CounterPulse’s residency programs cover a lot of conceptual ground. In 2017, they’ve produced the “edge,” the “combustible,” and now the “diaspora” residencies, where two different artists or groups give us an evening of performance often form-fitted to the company’s Tenderloin space. Despite the thematic overlay, what you get always feels idiosyncratic, human, and alive to a vast variety of experiences.
In many ways the series is a sly and casual inversion of what we’ve come to understand as the epic. There are no superheroes or villains, no cities under threat of alien invasion, no CGI of worlds at war and vast armies. Instead, there’s a simple understanding that to experience the epic, we have to identify with its opposite — the lost traveller (Odysseus), the scared child (Huckleberry Finn), the harried bureaucrat (Joseph K.), anyone who feels the vastness of our everyday world and is at its mercy.

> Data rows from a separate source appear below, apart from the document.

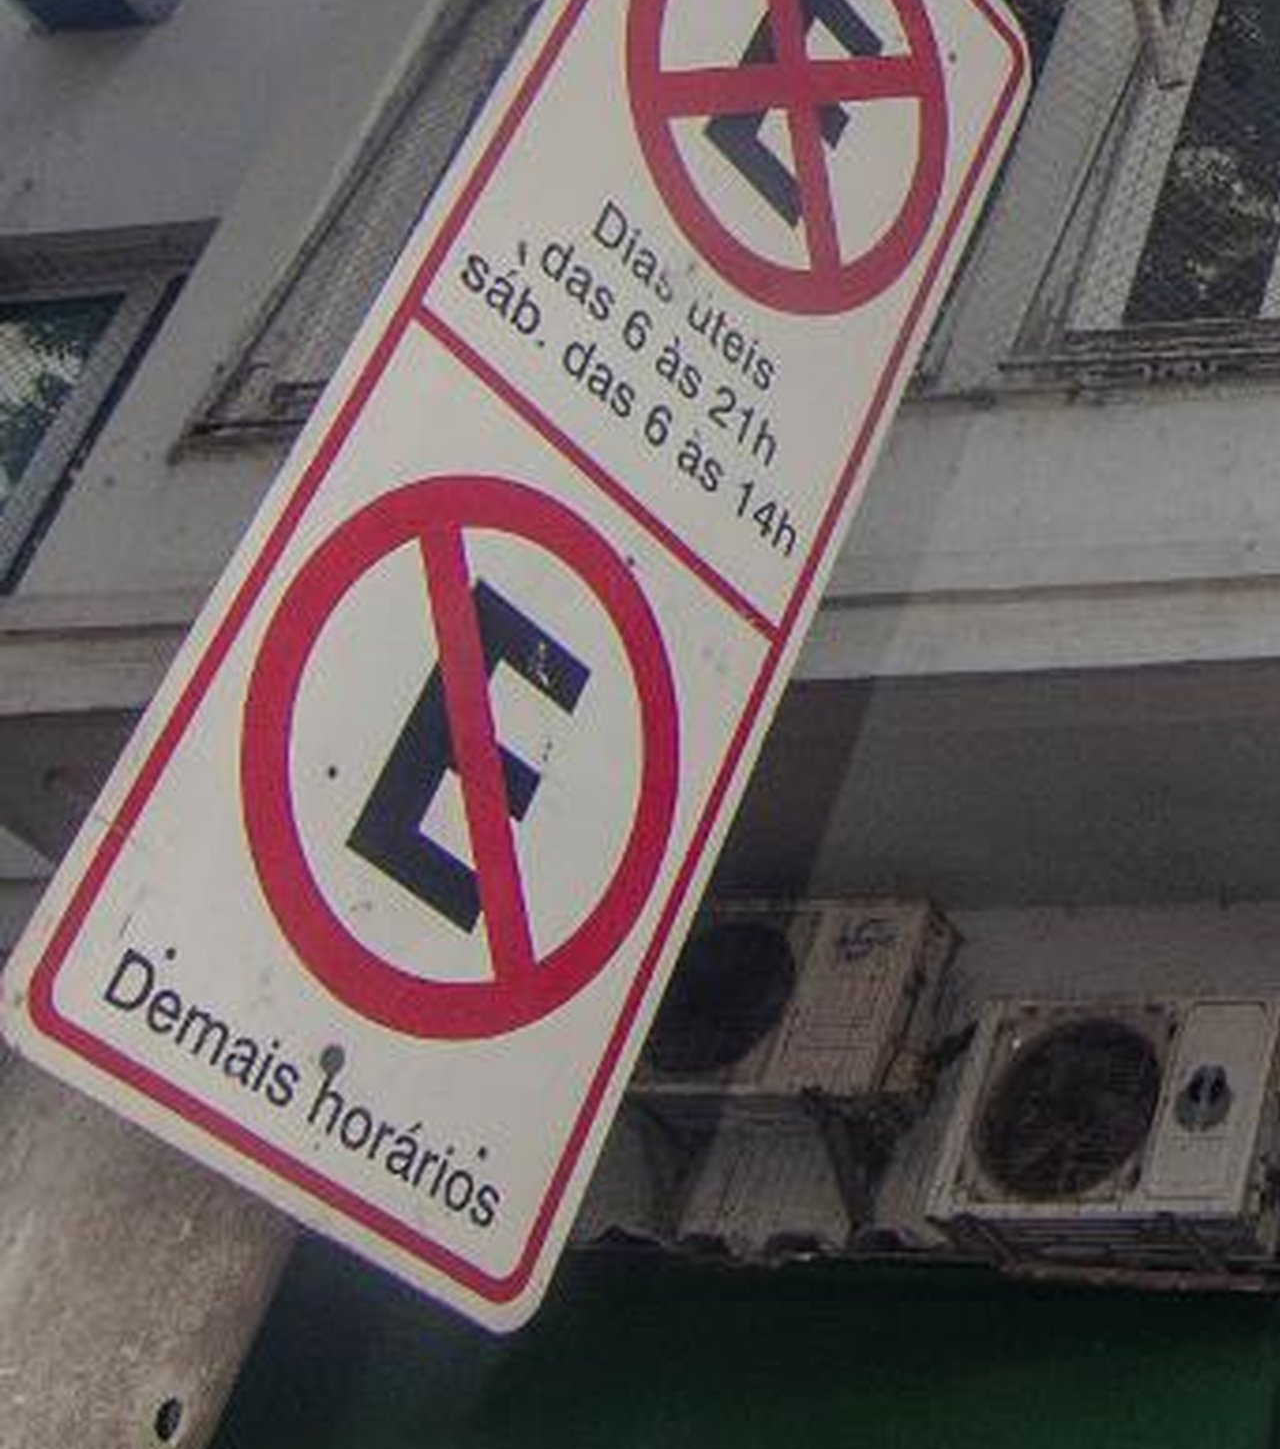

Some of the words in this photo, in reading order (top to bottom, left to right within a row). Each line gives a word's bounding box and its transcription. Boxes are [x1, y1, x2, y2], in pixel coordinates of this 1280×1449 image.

[541, 241, 616, 323] das
[621, 309, 654, 352] 6
[655, 337, 703, 400] às
[708, 386, 778, 466] 21h
[592, 200, 674, 301] Dias
[460, 253, 545, 348] sáb.
[562, 340, 637, 420] das
[643, 404, 674, 448] 6
[676, 431, 725, 493] às
[737, 481, 799, 557] 14h
[103, 947, 300, 1108] Demais
[307, 1056, 500, 1228] horários
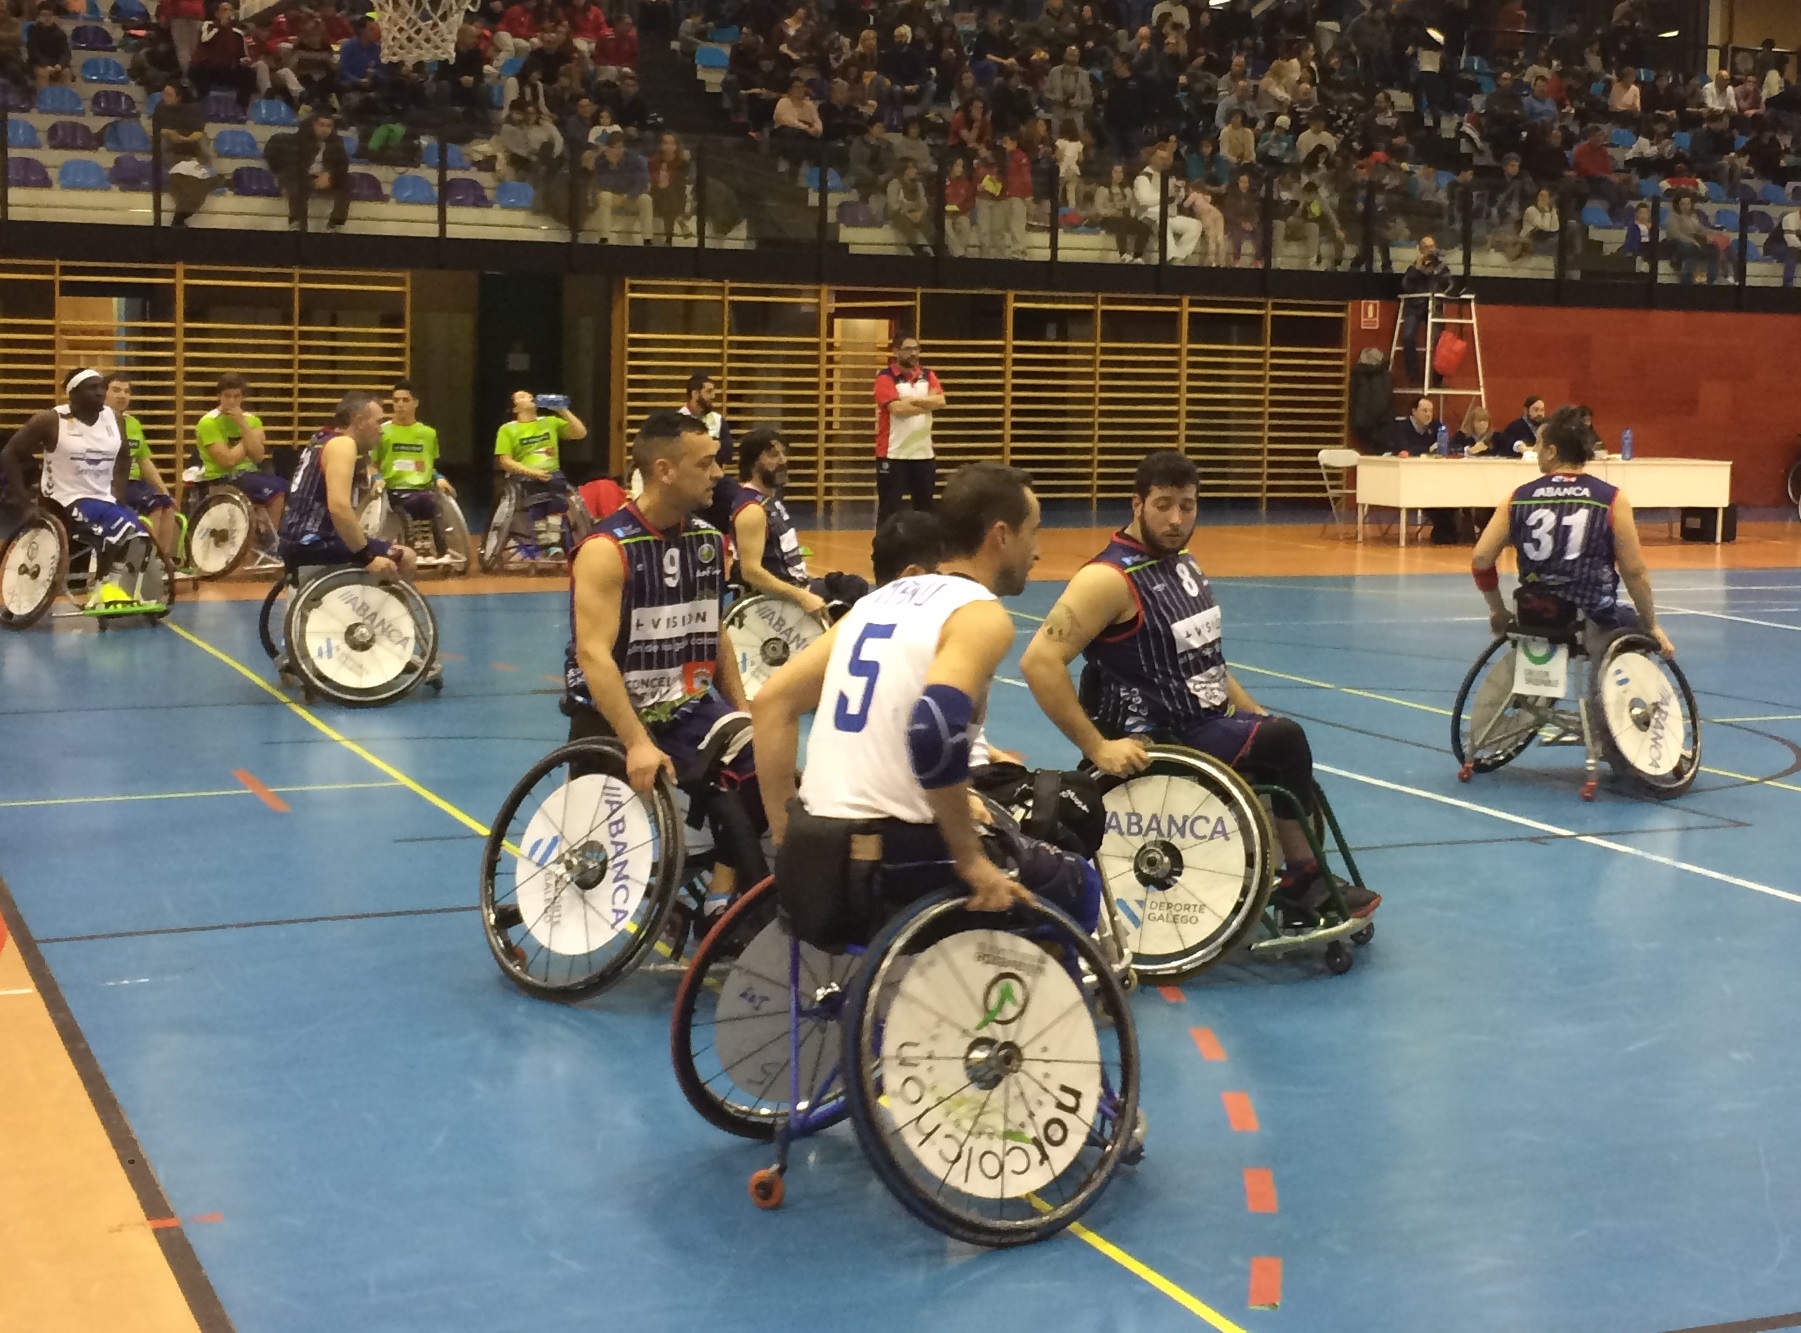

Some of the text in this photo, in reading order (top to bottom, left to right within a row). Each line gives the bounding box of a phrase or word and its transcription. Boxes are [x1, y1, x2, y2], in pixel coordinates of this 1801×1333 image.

[1532, 487, 1591, 497] ABANCA
[1523, 508, 1590, 561] 31
[663, 548, 681, 588] 9
[1175, 562, 1199, 597] 8
[343, 595, 410, 651] ABANCA
[760, 610, 809, 651] ABAN
[834, 622, 897, 733] 5
[1104, 811, 1231, 841] ABANCA
[604, 796, 630, 929] ABANCA
[1147, 914, 1199, 925] GALEGO
[1149, 901, 1207, 914] DEPORTE
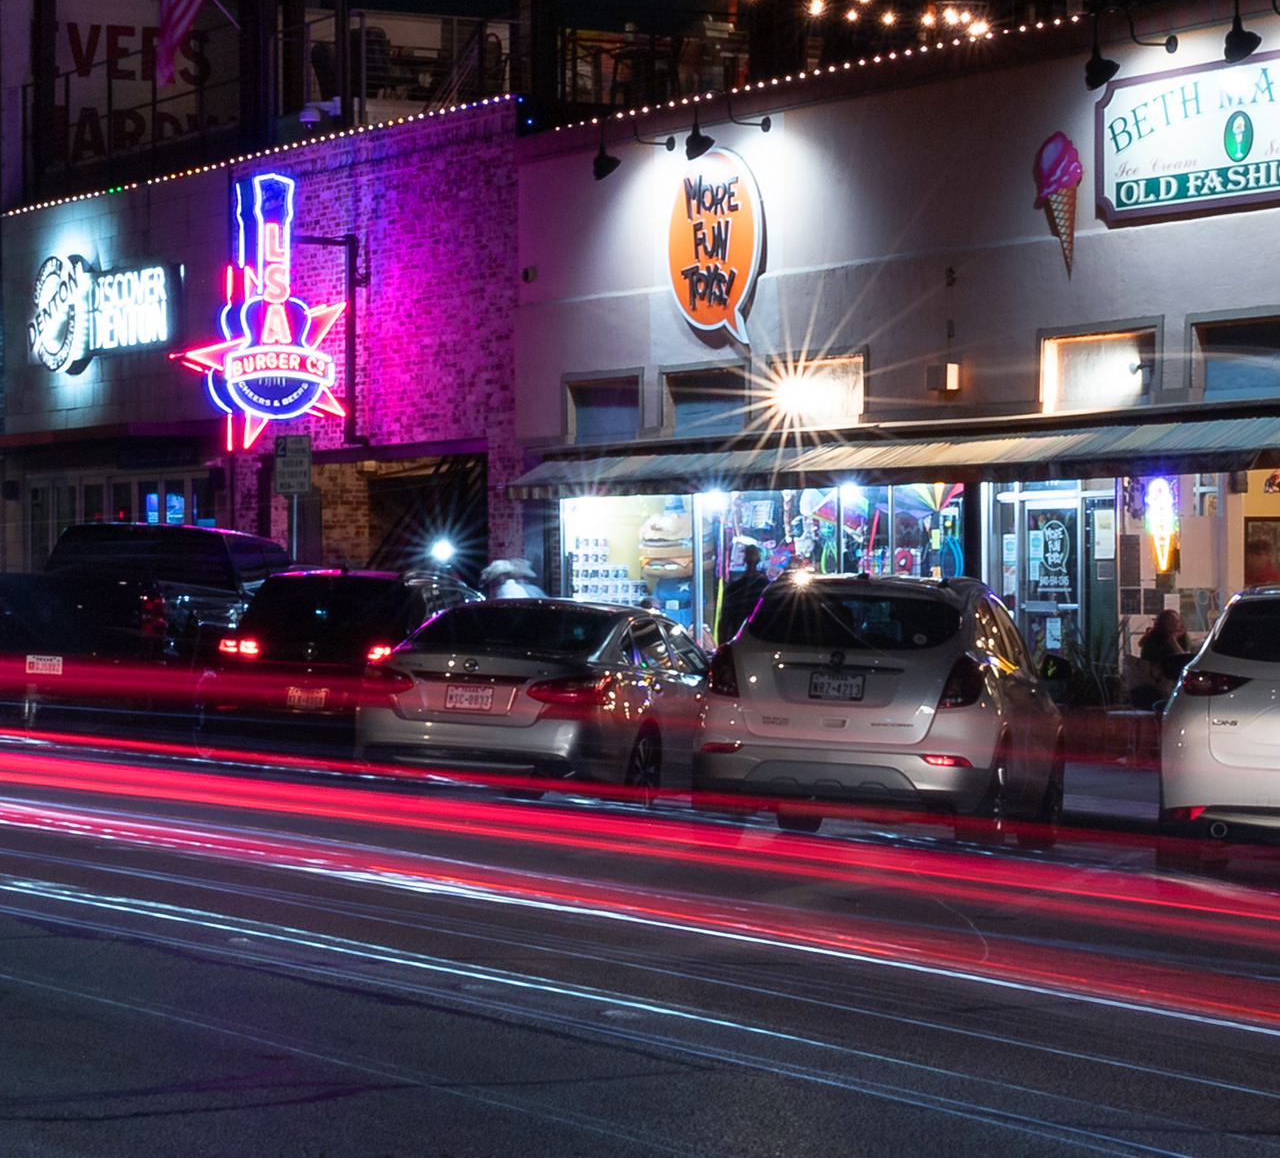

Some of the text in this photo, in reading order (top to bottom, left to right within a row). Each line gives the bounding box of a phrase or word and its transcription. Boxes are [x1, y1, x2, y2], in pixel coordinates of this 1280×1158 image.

[1108, 81, 1202, 155] BETH
[1115, 158, 1140, 178] Ice
[1150, 156, 1198, 174] Cream
[683, 175, 739, 221] MORE
[1120, 175, 1178, 204] OLD
[693, 220, 730, 263] FUN
[89, 267, 167, 311] DISCOVER
[27, 269, 78, 353] DENTON
[89, 300, 168, 350] DENTON
[232, 352, 301, 377] BURGER
[238, 381, 309, 407] CHEERS & BEERS
[277, 438, 285, 455] 2
[1045, 528, 1064, 540] MORE
[1048, 540, 1062, 553] FUN
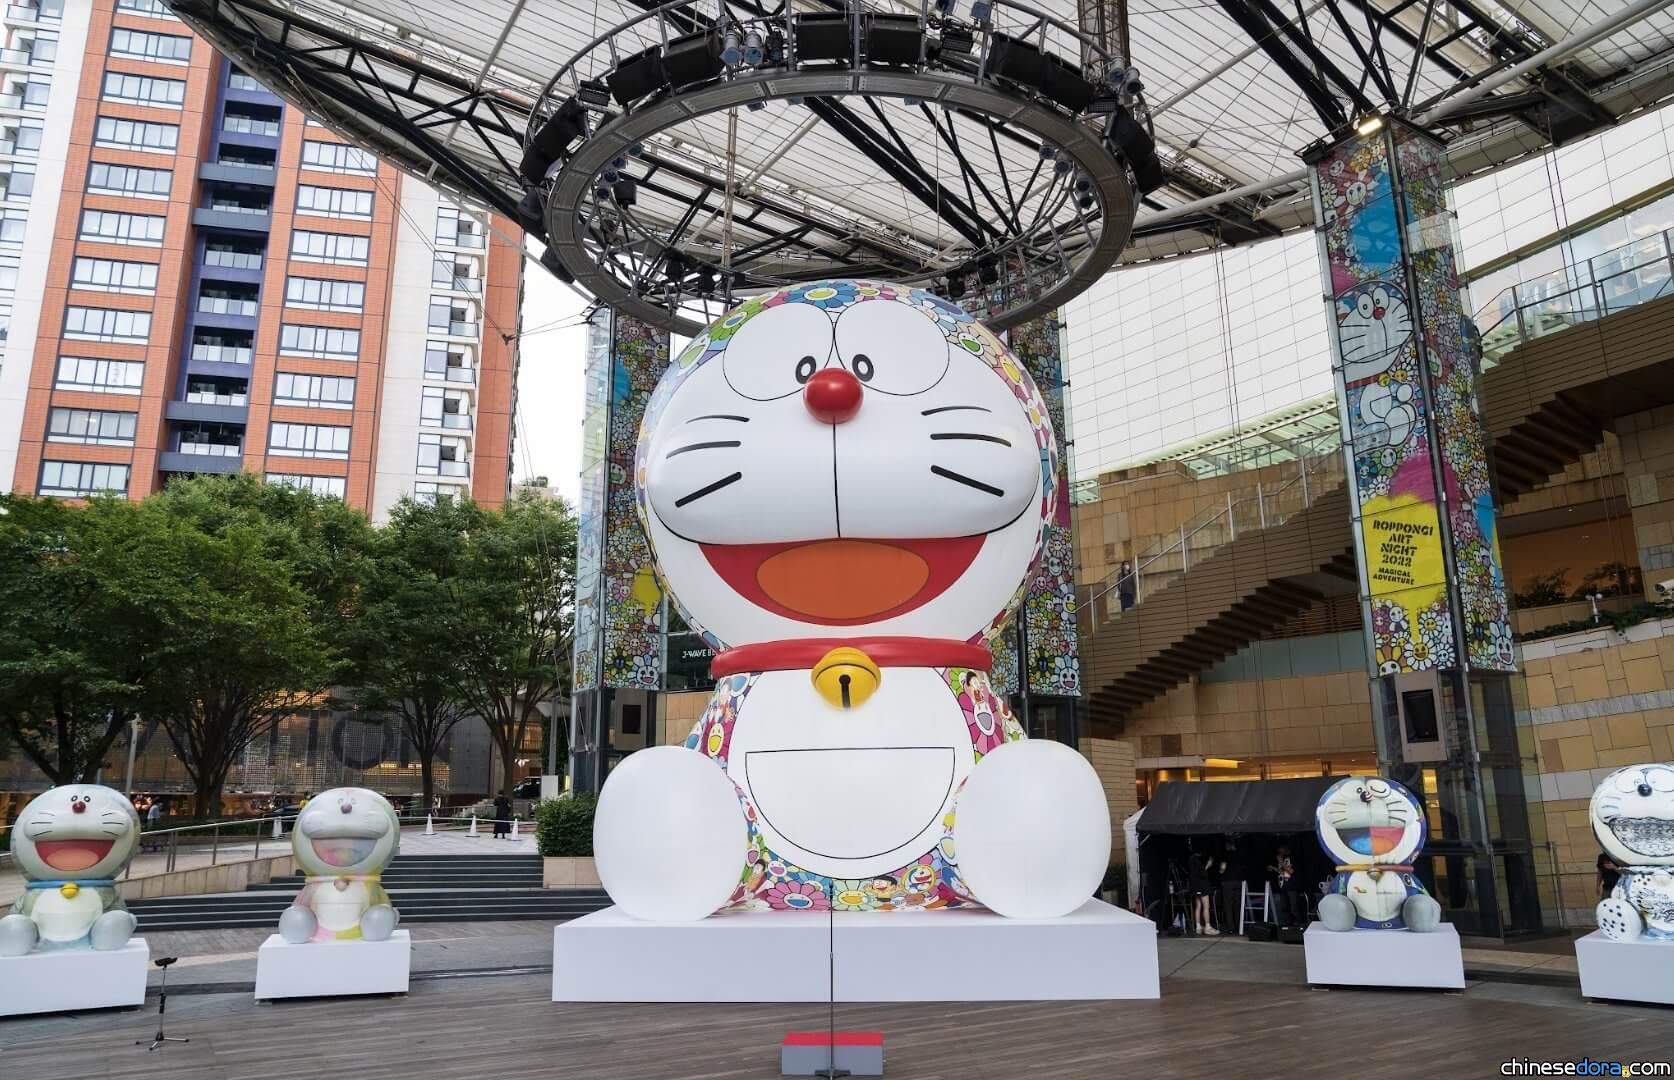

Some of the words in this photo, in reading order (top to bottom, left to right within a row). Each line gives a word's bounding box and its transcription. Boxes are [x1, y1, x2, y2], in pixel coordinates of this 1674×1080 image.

And so Performing Diaspora 2017 offers to great effect two delicate heroes — the son, and specifically the idea of the son, in Javier Stell-Frésquez, Ivan “Ivy” Monteiro, and Davia Spain’s Mother The Verb, and a lonely witness to atrocity in choreographer Randy Reyes’ Lxs Desaparecidxs.
‘Mother the Verb

At first, Mother The Verb has the feel of a performance art stunt. Stell-Frésquez stands next to a coatrack in the CounterPulse lobby with a sign that says, “Dress Me As My Authentic Self.” Let’s just say he has quite a roving eye for the clothing of random audience members. Escape that trap and you’ll find yourself face-to-face with Monteiro (camped out on the theater’s risers) in a massive wig of wavy black hair and two plastic spray cans taped to his chest, spouting lines seemingly swiped from any number of nightmare mother plays — “I’m done trying to make you comfortable, fit in!”
In an audience discussion afterwards, the performers were vaguely surprised that everyone seemed a little wary during the prologue. They might underestimate the intensity of their personas, the way their commitment to the moment verges on what feels like a brutal psychic break with the world. Nothing that follows would dispel that notion.